Upon the envelope of all our methali, for daylighting (inhale) ATI!, and for ventilation (exhale) ETI?. Come “[a]midst the liquid din"2; come we slip into this fenestrated “forest of silent pools and tranquil mortalities”3. The loneliest god, as your human Adamu bereft even in Eden, was baptized— canaanically— the god of Eti?mology. Bushwahili washes up,on your shore. Here’s the word: fenestration, kimya kama maji mtungini.

“All water has a perfect memory and is forever trying to get back to where it was.”
- Toni Morrison, The Site of Memory, 1998

Aingiaye baharini huogelea.

// You who chose Ocean must swim.
You, entered by Ocean: swim!
I enter. I swim. I, the Sea.
I bathe in the chaos of my choosing. //

/If hell is fiery, paradise is watery./ You marooned on land, purgatorial, how might you become rebodied of subsumption? How, with your air-filled ear canals, will you hear through the submersion of such sonic currents?

Bomba, ma-: bomba la kuvuta maji; ni namna ya mwanzi wa chuma unaowekwa kisimani wa kuvutia maji. Bomba la moshi, ni namna ya mwanzi mnene wa chuma cha kutokea moshi; (2) chombo cha kutilia dawa inayoingizwa kwa sindano mtu anapopigwa sindano.

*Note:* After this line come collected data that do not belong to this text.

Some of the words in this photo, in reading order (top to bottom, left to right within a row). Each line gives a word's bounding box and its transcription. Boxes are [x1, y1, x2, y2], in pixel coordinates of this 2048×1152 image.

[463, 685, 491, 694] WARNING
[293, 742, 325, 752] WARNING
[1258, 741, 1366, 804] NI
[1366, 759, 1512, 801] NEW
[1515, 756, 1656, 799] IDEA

Believe that as the flower attracts pollinators, the ear is seductive to sound. And— the whole is ear. That primordial Ati!-Eti? (elsewhere heard as OHM) is simultaneously produced and received by our omni-organ. Practically, you might ask, how does one hear underwater? A twin facility, natural to all: sw,earing and sw,eating. I will now demonstrate; but, if you’re catching this, pin: our tendency is to alimentation, just as Bushwahili’s Eti?mological telos is alimentation. In always, Bushwahili wishes to inject the sw, the Swahili of it, and we must.

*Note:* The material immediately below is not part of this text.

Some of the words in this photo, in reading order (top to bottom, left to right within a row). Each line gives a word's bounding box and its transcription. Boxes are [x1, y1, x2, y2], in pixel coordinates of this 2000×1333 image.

To sw,ear, answer: is the ear passage an upturned umbrella in the rain, or is that waterway the aural enticements of a well? As useless an exercise as delineating the blaspheme from the oath-taker. The ear implies a vow. Bushwahili’s Ohm-ni-ear precis is foul-oathed: Dare profanity and transmit possibility. For example, a curse— who left me in this ocean anyway, who stowed me in that dark belly— becomes a blessing: FishMother, Min Rech, it is so good to know where I might find you. A common insult in Kiswahili: Mshenzi! To mean, //uncivilized//, or a citizen of a primitive desecration; in this very name, there is -enzi. -Enzi is a divine faculty and mortal imperative encompassing both duration and interval (zama), value, worship (-a kusifiwa), preciousness. Mwenye-enzi, Mwenyezi Mungu, One Worthy of All Praise. What is it to call upon and to be heard in vain by the one who breathed something of their Spirit into the despised Waters? Obscenity is having ears to hear and not hearing (kutia maskio pamba //cottoned canals//); the ear is a vow to at,tension.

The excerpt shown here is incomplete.